I’ll admit, I was super unfamiliar with Jersey Boys as my boyfriend and I took our seats at the beautiful Orpheum Theatre in Minneapolis. I knew it was about music from the ’50s or something and that it had something to do with musicians from New Jersey but, beyond that, I was really going in blind. Even seeing the title of the playbill listing the musical as “The Story of Frankie Valli & The Four Seasons” really didn’t help me. The name was familiar but I honestly couldn’t have named a single song by Frankie Valli & The Four Seasons prior to this musical. I don’t know if this hurt or helped my experience through the night but it definitely added a twist and it felt like I was staying true to myself what with my tendency to walk into shows completely blind– why should musicals be any different?
I was instantly struck by how simplistic the layout of the stage was throughout this musical. There really wasn’t much on stage other than a constant backdrop of stairs and a catwalk-like structure with a screen hanging from the single and showing pictures just above the catwalk. Although part of the reason I love musicals and the theater in general so much is how the set looks because I have this deep desire to work as a set designer at some point in my life, I loved how minimalistic everything was. I may not have known what the entire musical was about but I knew music was involved and knew that the lack of clutter on stage would give the music the spotlight.
The amount of vocal talent on stage was staggering and I feel like even that is an understatement. Frankie Valli had a super distinct voice and although I’m finding conflicting information on who performed as Frankie on Thursday night, whoever it was absolutely nailed it and then some. Hitting some of the highest of high notes with absolutely no struggle or hesitation, it was easy to start thinking that you were actually seeing Frankie Valli live. That goes for all four members of the group both the original men and ones that came in later on in the band’s career. I feel like everyone who graced that stage really embodied the time period and overall mood of the music scene at that time and I found it so easy to fall into their world.
Although I enjoyed the music throughout the performance, I found many parts of the musical to be a bit slow-moving or confusing. Maybe I was mentally checking out of some of the storyline in anticipation for the next track but there were times when I found myself trying to figure out who someone was on the stage. The barebone cast mixed with the barebone set design didn’t leave much to get distracted by yet there were points where I just could not focus.
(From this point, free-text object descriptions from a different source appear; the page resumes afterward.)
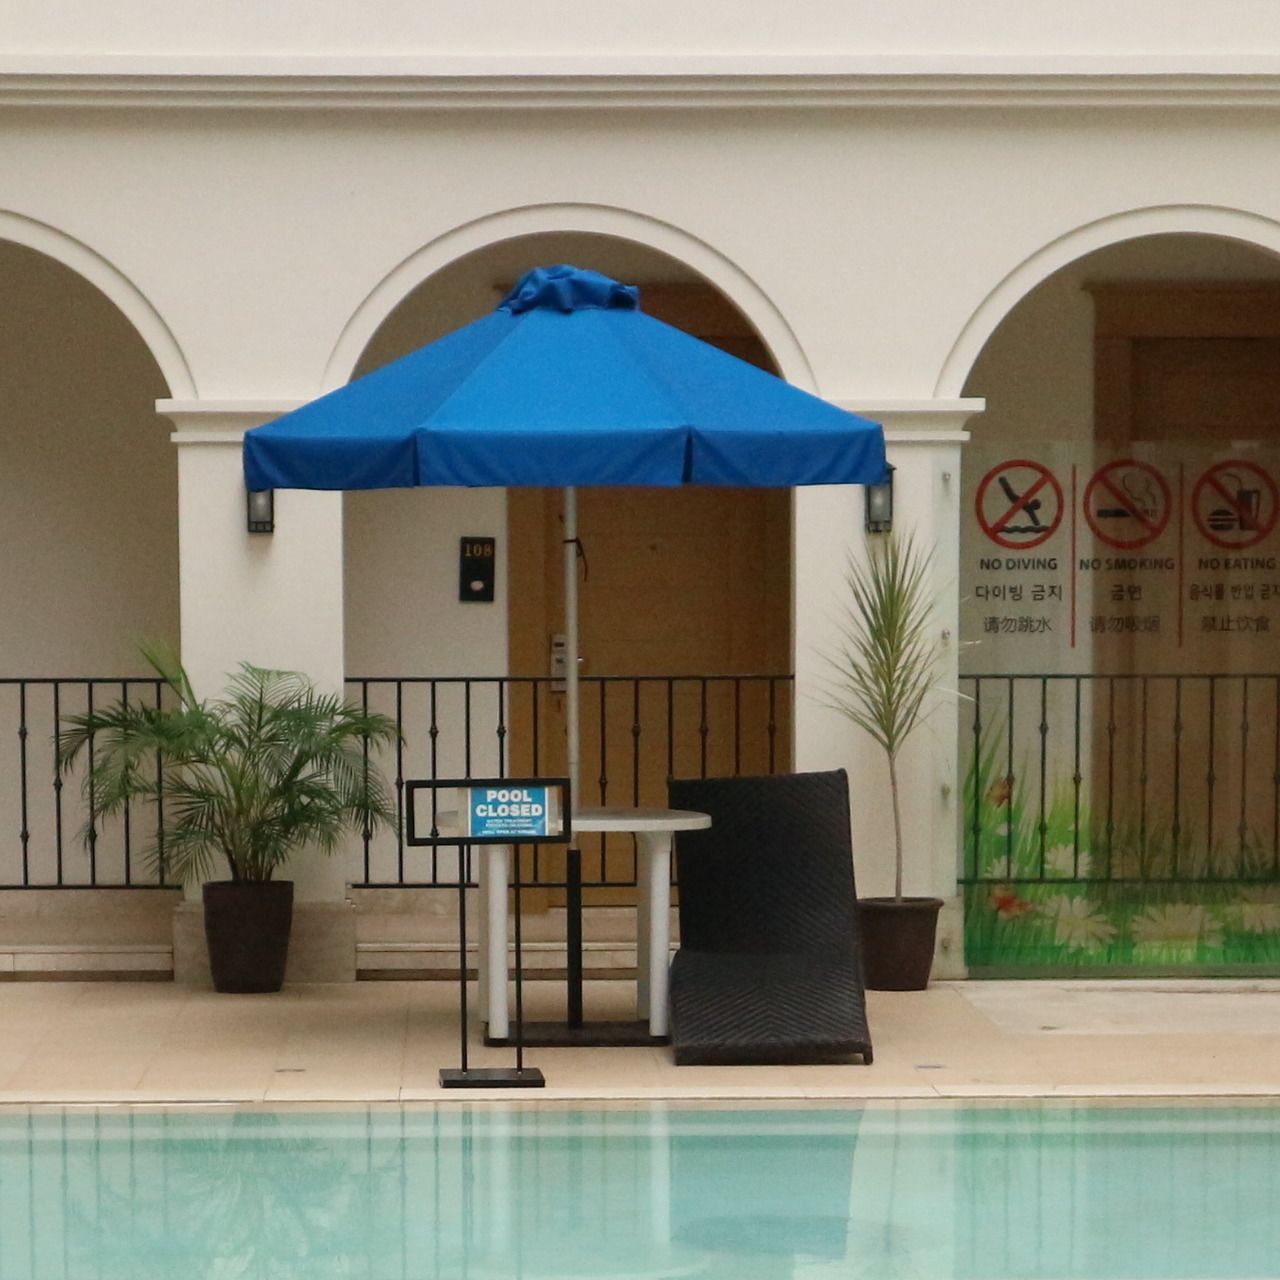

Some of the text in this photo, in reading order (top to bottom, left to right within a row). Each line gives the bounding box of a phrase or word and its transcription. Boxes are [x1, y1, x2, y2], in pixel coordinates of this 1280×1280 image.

[980, 558, 1058, 570] NO DIVING
[1079, 558, 1175, 570] NO SMOKING
[1198, 558, 1276, 570] NO EATING
[975, 584, 1062, 601] 다이빙 금지
[1111, 584, 1142, 601] 금연
[984, 616, 1052, 633] 请勿跳水
[486, 790, 532, 803] POOL
[475, 804, 543, 817] CLOSED
Even though some of the plot and story were lost on me, I didn’t miss out on a single song which I think says a lot about the vocal and musical power of everyone on the stage.
One major thing I would have changed about this production would be using live footage of Frankie Valli and The Four Seasons. There were a couple of scenes where the actors were portrayed as being filmed for TV shows and live performances complete with cameras being rolled onto the stage and then what those cameras were capturing being projected onto the screen above the catwalk. Although I loved this, I felt like it was a missed opportunity. I would have loved to see footage of the real Frankie Valli and The Four Seasons as I’m sure it’s out there and would have been a super cool way to show the comparison between the “real” band and the musicians we were watching and really highlight the talent on stage.
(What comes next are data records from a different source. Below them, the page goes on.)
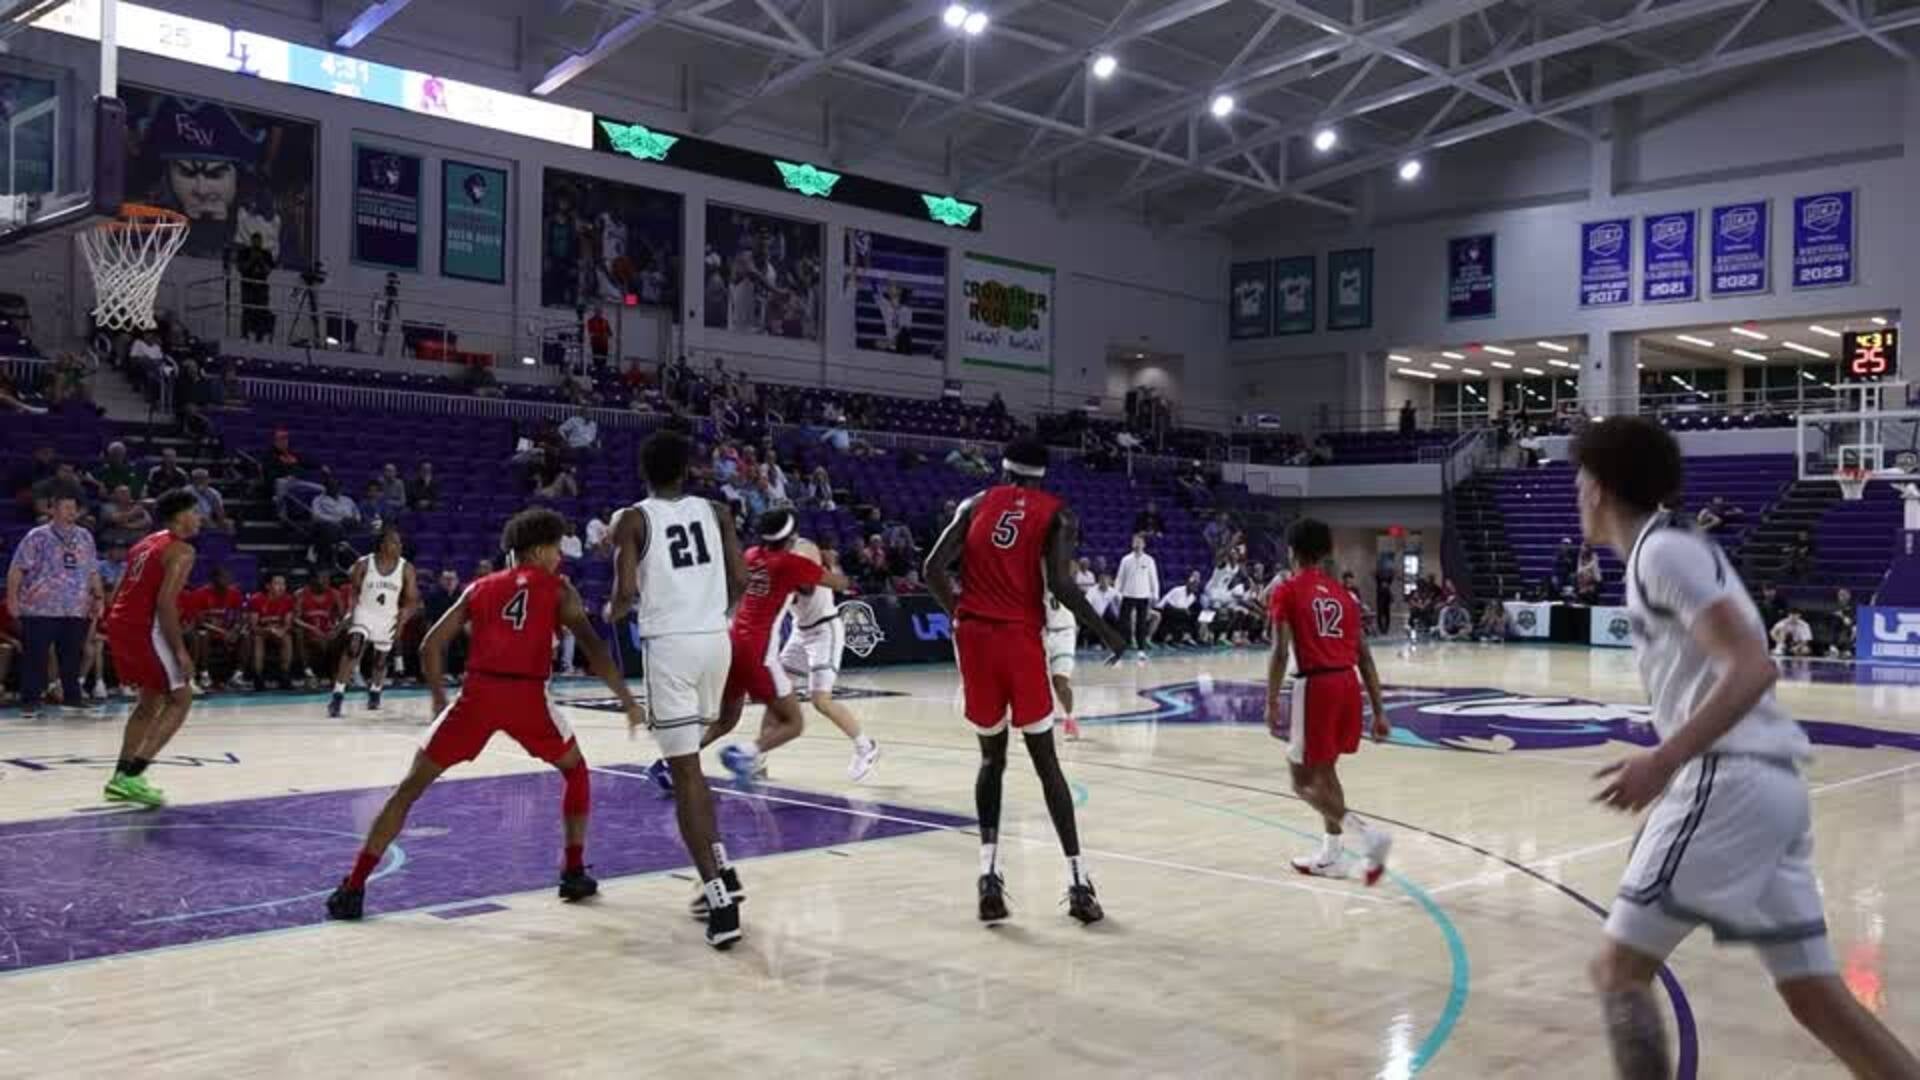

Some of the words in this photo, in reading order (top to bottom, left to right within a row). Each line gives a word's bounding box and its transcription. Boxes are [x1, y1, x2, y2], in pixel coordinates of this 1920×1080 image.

[175, 112, 214, 146] FSW
[1716, 272, 1760, 289] 2022
[1800, 264, 1844, 282] 2023
[1587, 290, 1622, 304] 2017
[1649, 281, 1687, 297] 2021
[1852, 347, 1885, 373] 25
[992, 509, 1026, 549] 5
[666, 521, 711, 569] 21
[376, 593, 386, 606] 4
[502, 589, 529, 630] 4
[1312, 597, 1344, 638] 12
Even though this musical wasn’t my favorite, there were many moments that absolutely had my jaw on the floor. Sure, most of those were during the performances and just due to the sheer power and talent that I was bearing witness to but there was also a moment in the first act that made me want to jump out of my seat and start cheering. Although most of the performance the band is performing to the audience, there is one moment where it is shifted to where you just see the backs of the band and are blinded by the stage lights illuminating their figures. This only lasted for a minute or two but the effect it had on the audience was seriously enough to take your breath away. It made it feel as if you were part of this band’s rise to fame and all of the drama that came with it in such a stunning yet understated way.
I walked into Jersey Boys on Thursday night not knowing a thing about Frankie Valli & The Four Seasons but walked out feeling a bit like an expert on the band. Sure, the musical may have not been the most exciting production I’ve seen but the way it informed, entertained, and really just made you feel like you were living in a different time was more than enough for me.